Participation in this study was voluntary and it is possible that communities with higher SSTIs or CA-MRSA prevalence would be more or less likely to participate, limiting the generalizability of our findings. Antibiotic utilization patterns were defined by prescription only and we are unable to comment on uptake or adherence, introducing measurement bias. The chart review only includes patients who accessed and received care, potentially excluding patients who are most vulnerable. Additionally, the blinding of reviewers was not possible as we had to review paper charts in the nursing station.
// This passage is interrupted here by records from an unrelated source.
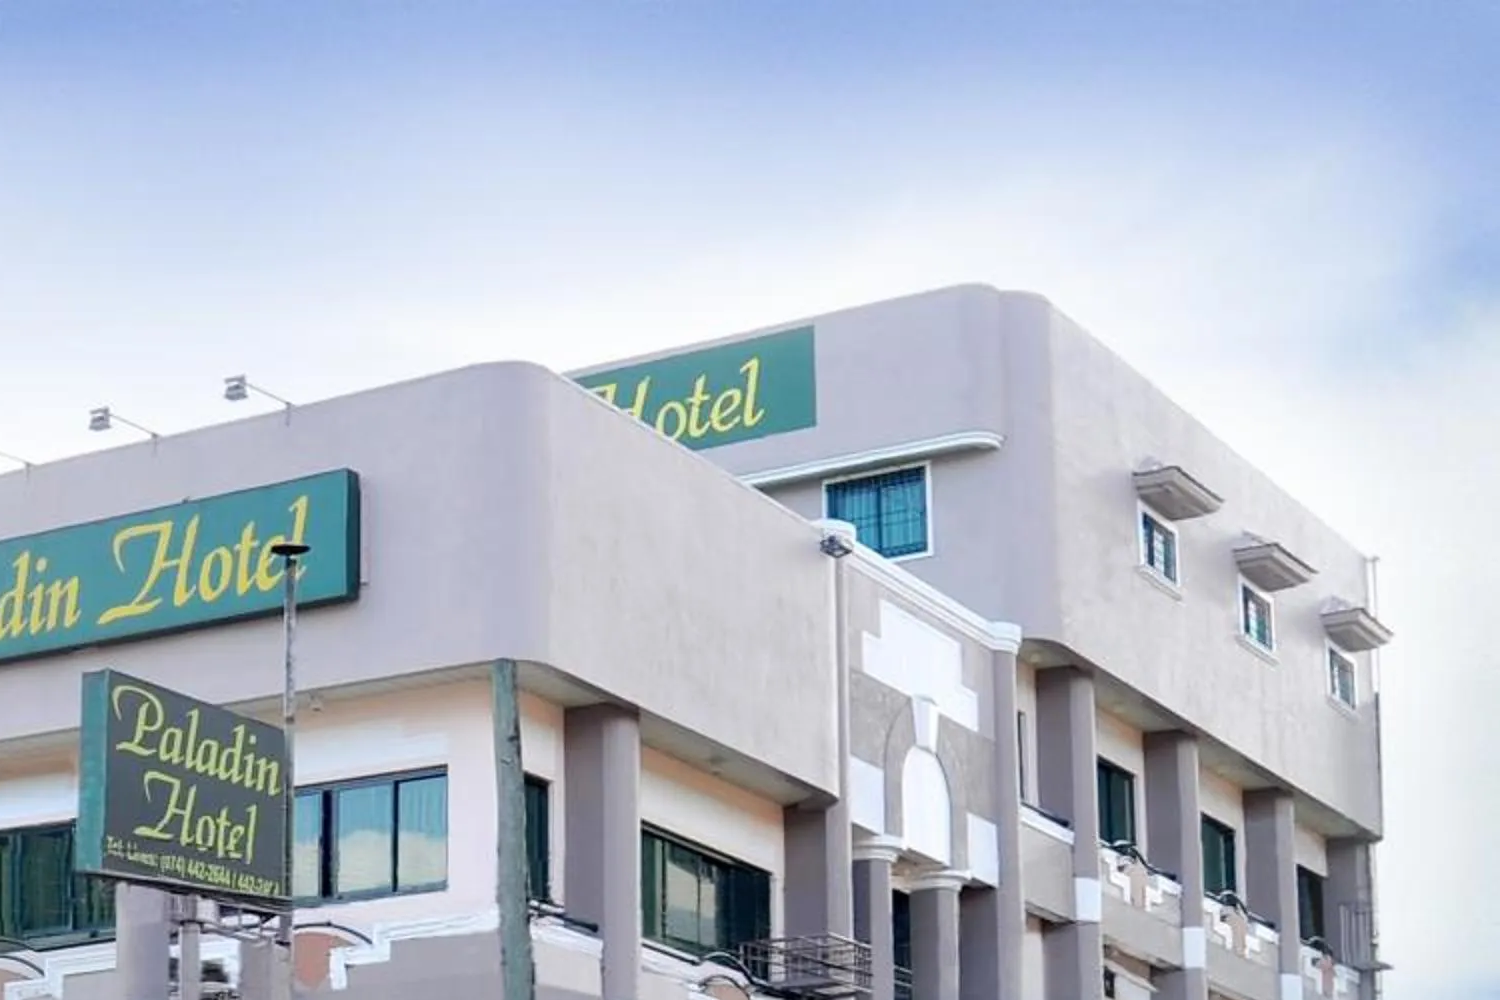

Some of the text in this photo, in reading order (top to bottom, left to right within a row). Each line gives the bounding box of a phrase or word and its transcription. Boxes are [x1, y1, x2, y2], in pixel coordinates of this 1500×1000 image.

[97, 495, 308, 625] Hotel
[112, 684, 282, 796] Paladin
[132, 770, 258, 865] Hotel
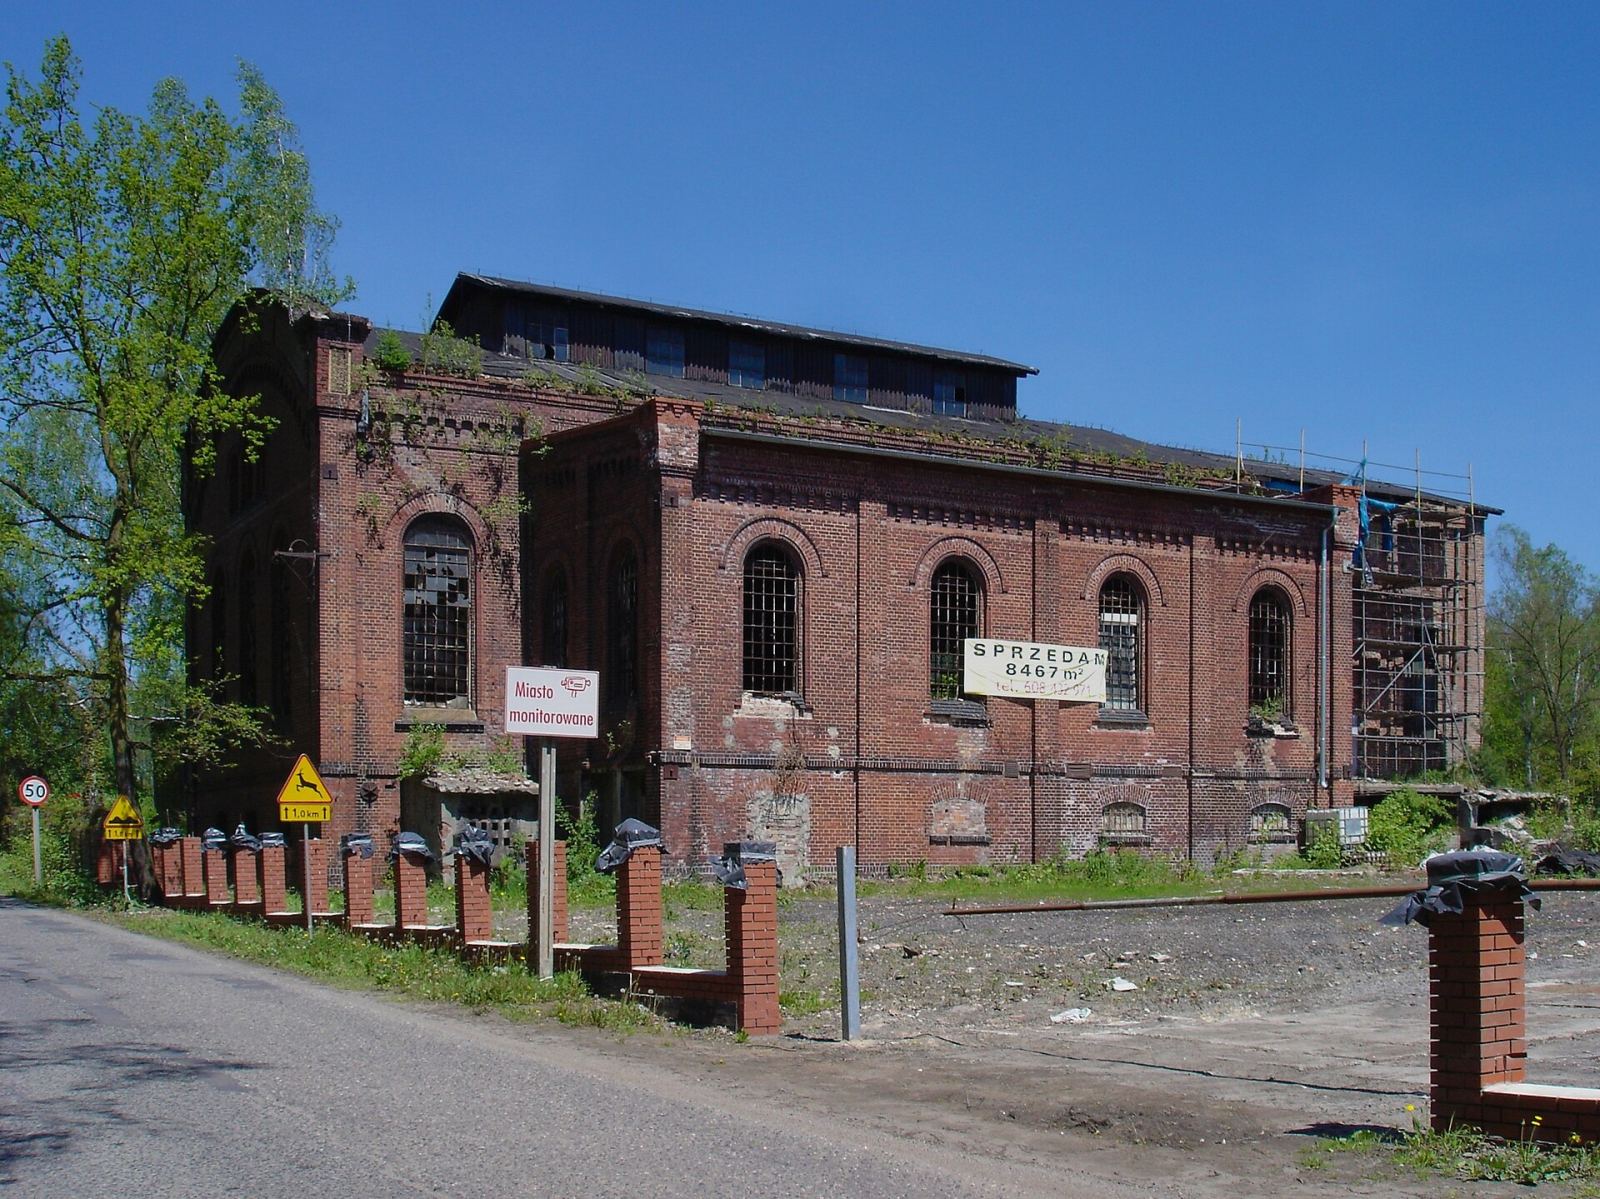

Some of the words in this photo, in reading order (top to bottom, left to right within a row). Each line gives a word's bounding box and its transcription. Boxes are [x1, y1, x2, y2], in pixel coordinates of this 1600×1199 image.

[973, 643, 1105, 666] SPRZEDAM
[1006, 663, 1058, 678] 8467
[515, 681, 554, 699] Miasto
[996, 679, 1018, 692] tel.
[509, 708, 594, 726] monitorowane
[25, 784, 46, 798] 50
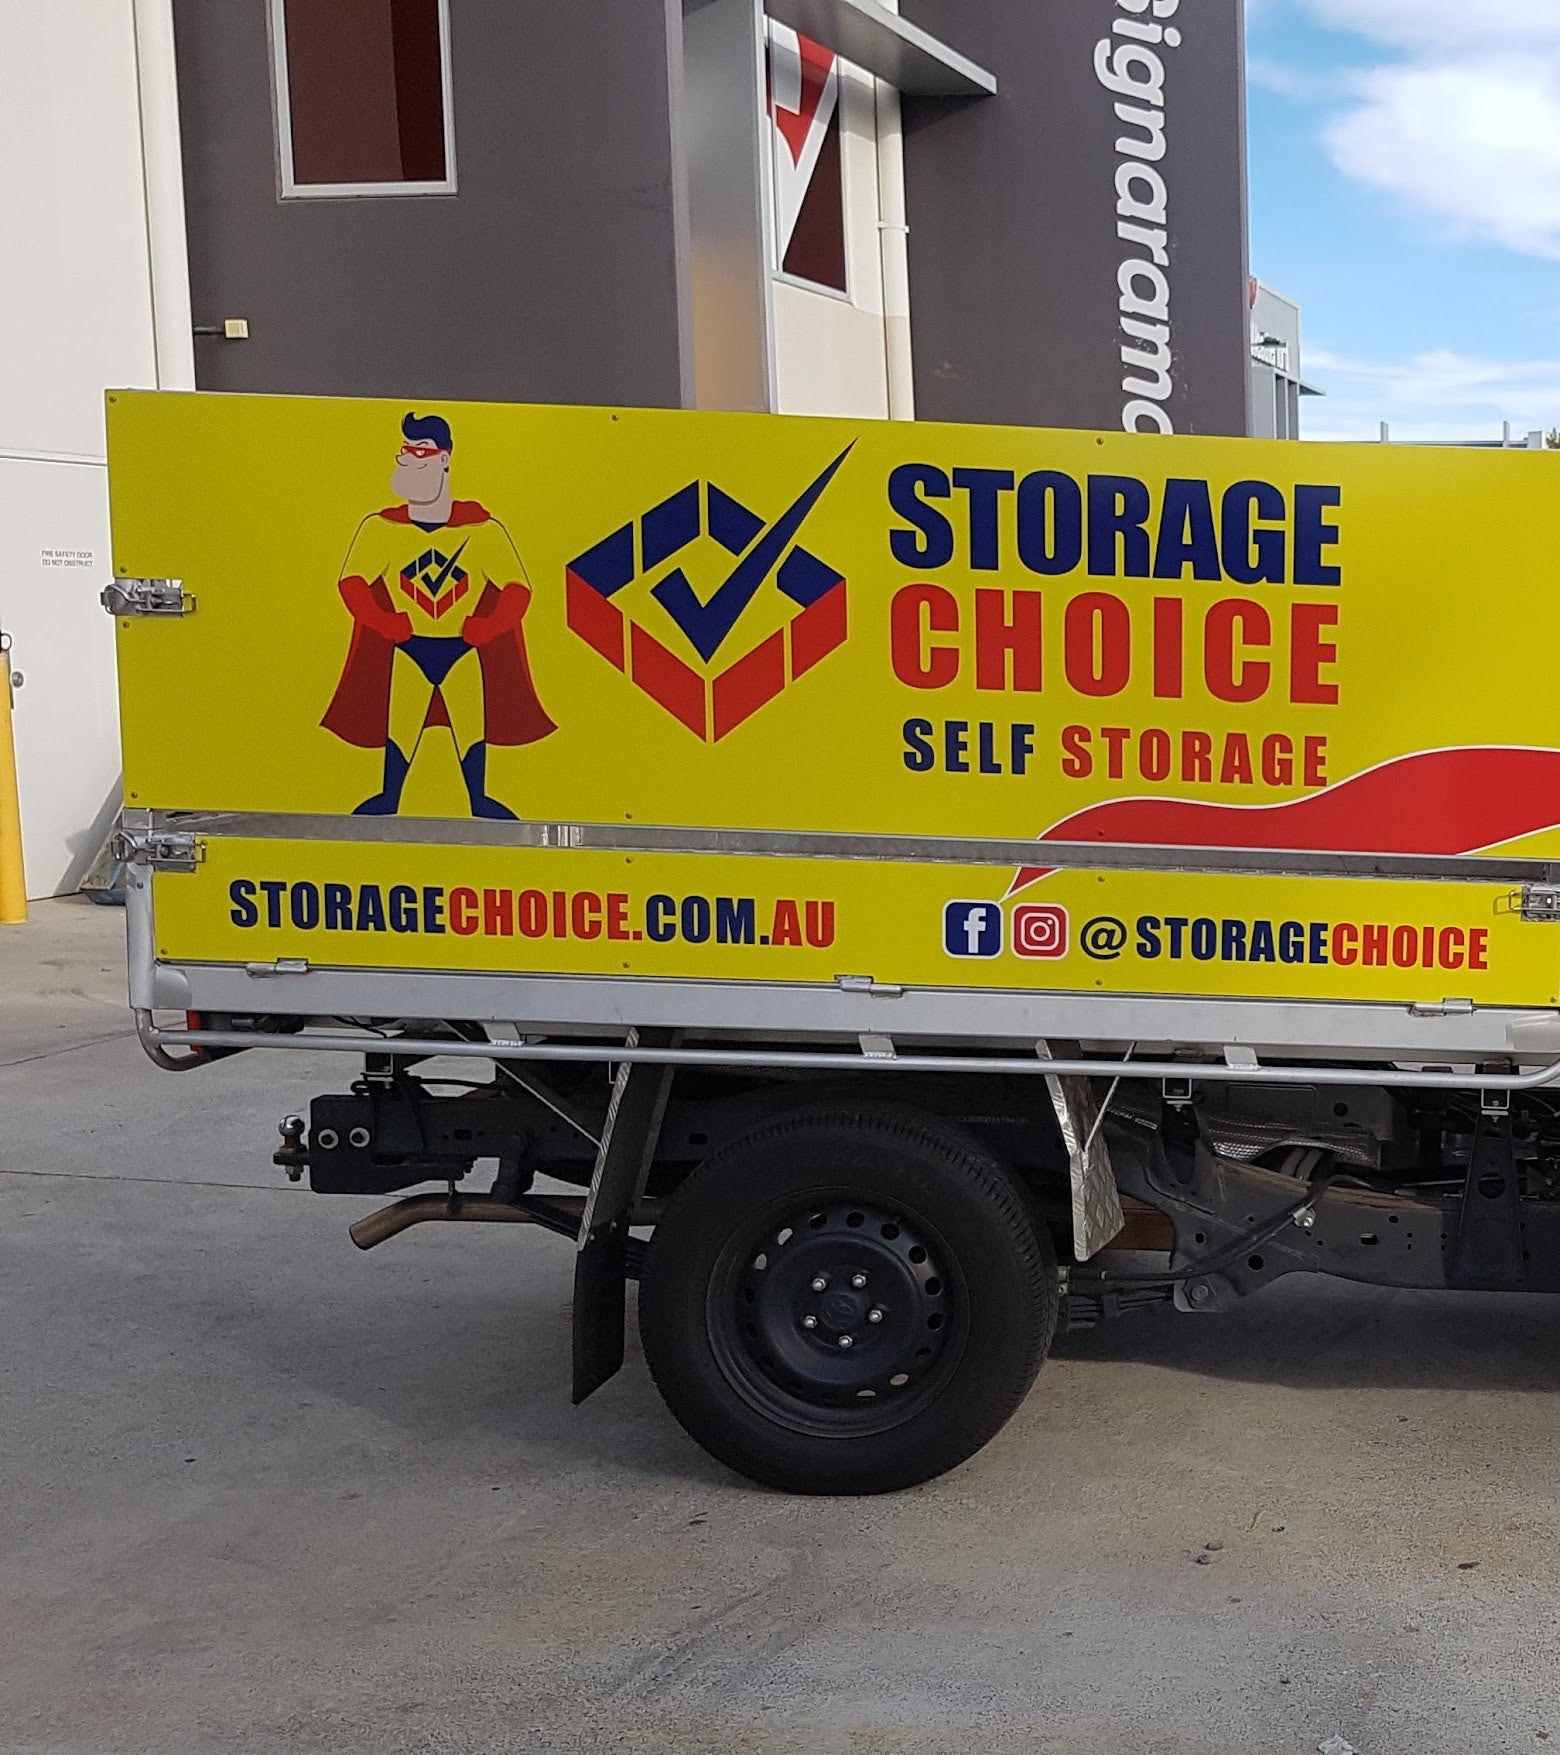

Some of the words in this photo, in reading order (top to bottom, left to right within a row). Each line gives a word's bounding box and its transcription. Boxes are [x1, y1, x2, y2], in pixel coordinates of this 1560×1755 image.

[888, 463, 1342, 587] STORAGE
[890, 583, 1340, 706] CHOICE
[902, 718, 1035, 775] SELF
[1061, 725, 1328, 788] STORAGE
[230, 879, 836, 949] STORAGECHOICE.COM.AU
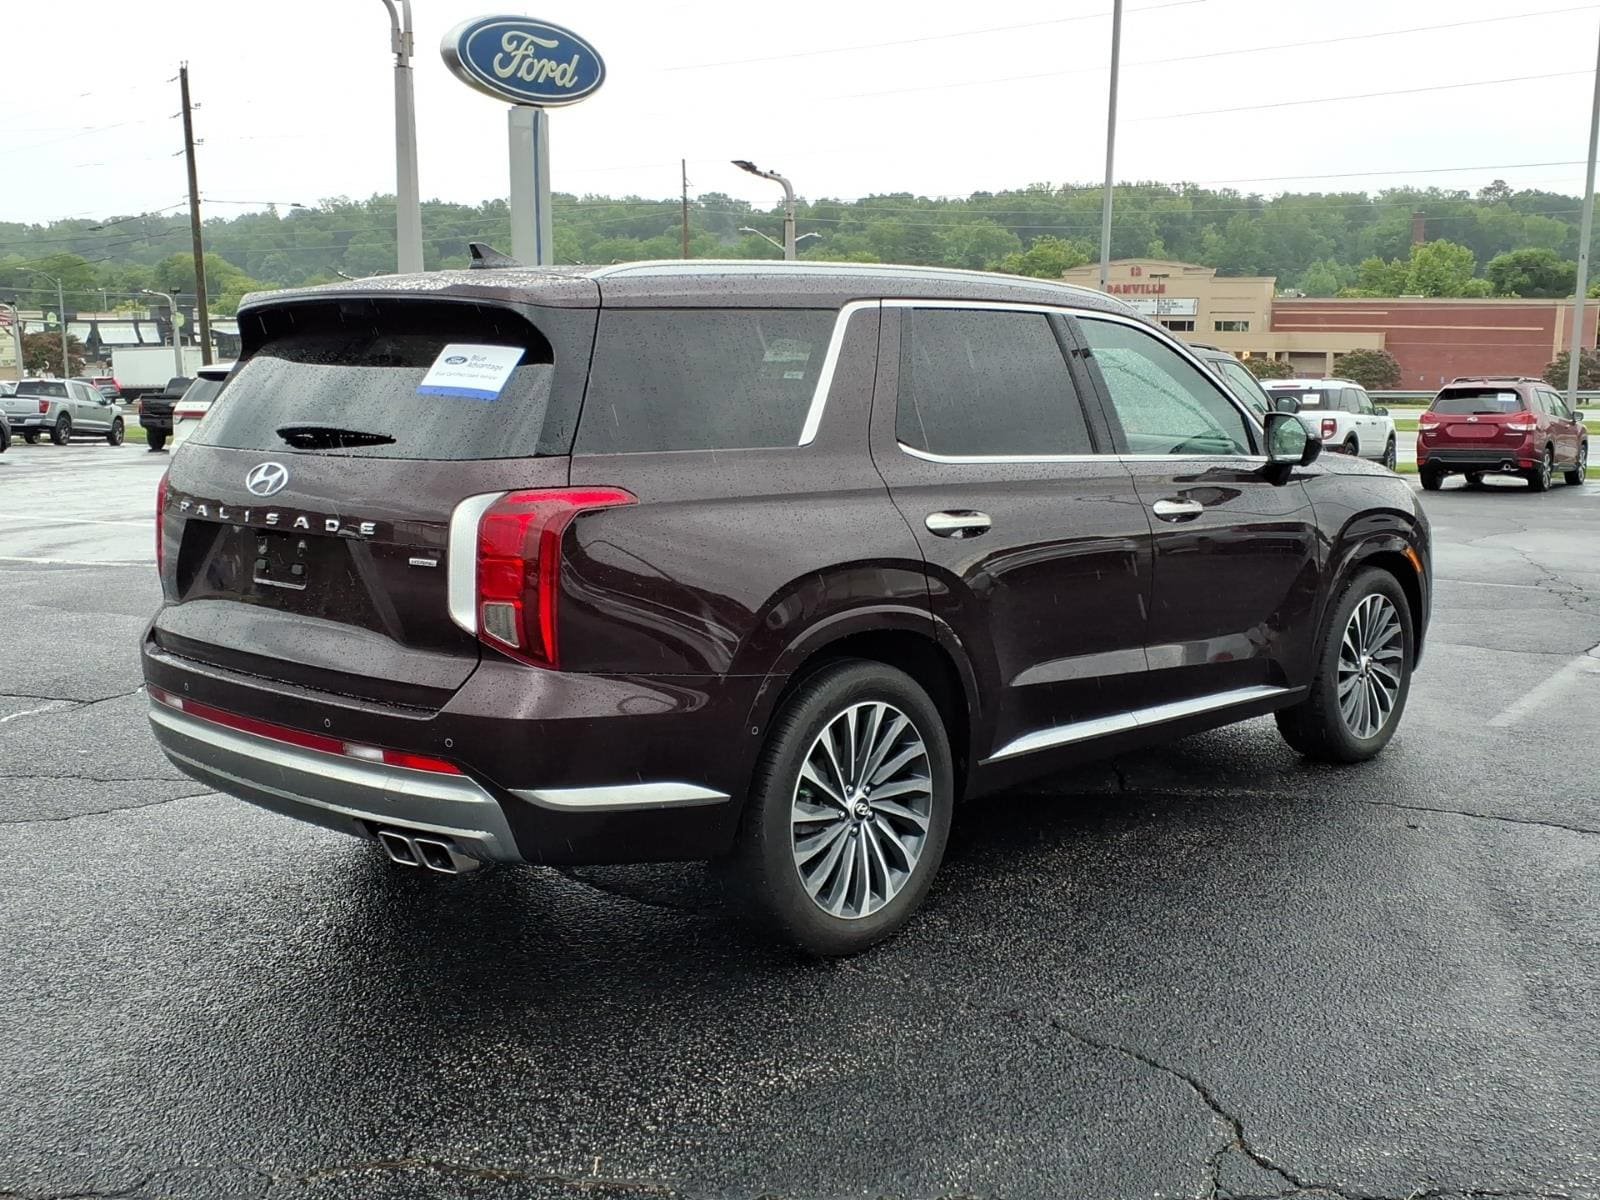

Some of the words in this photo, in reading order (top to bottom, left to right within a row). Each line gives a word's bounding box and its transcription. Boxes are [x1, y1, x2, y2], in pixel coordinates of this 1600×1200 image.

[493, 30, 580, 88] Ford
[1106, 283, 1166, 294] DANVILLE
[180, 500, 377, 536] PALISADE
However, the authors had no previous interaction with patients and staff in the visited nursing stations and have no conflict of interest. As this was a retrospective analysis, the availability of data was limited: inconsistent availability of microbiology reports, lack of consistent description of the clinical presentation, lack of documentation of follow-up (lack of information on patient outcomes), missing information about patient’s allergies (missing or not updated) and current prescriptions (e.g. for chronic diseases). This large proportion of missing information may have biased the results. For example, missing information on the etiologic agent (about 40% of SSTI cases were confirmed as MRSA infections and the etiologic agent remained unknown in 50% of the cases) might underestimate the prevalence of MRSA in SSTIs and the true proportion might be higher than estimated in this study. Prevalence of MRSA has been documented as high as 50% in some regions [24]. Patient charts also lacked important social and environmental risk factors for SSTIs including overcrowding, housing and access to clean running water. Finally, due to logistical challenges, the ratio of sampled charts did not completely meet the designed sampling ratio; however, the minimum required number of cases was met in all provinces included in this analysis.

Conclusions

This study is filling an important data gap on SSTIs, CA-MRSA, and antibiotic use in First Nations communities in Canada. We have observed a high annual prevalence of antibiotic use among inhabitants living in remote and isolated communities seeking treatments in nursing stations. Many of these community members are seeking care for SSTIs, with over 40% of cases attributable to CA-MRSA infection. In addition to appropriate and timely medical treatment, a comprehensive approach to infection control and prevention is needed to ensure that First Nations living in remote and isolated communities achieve equitable healthcare services.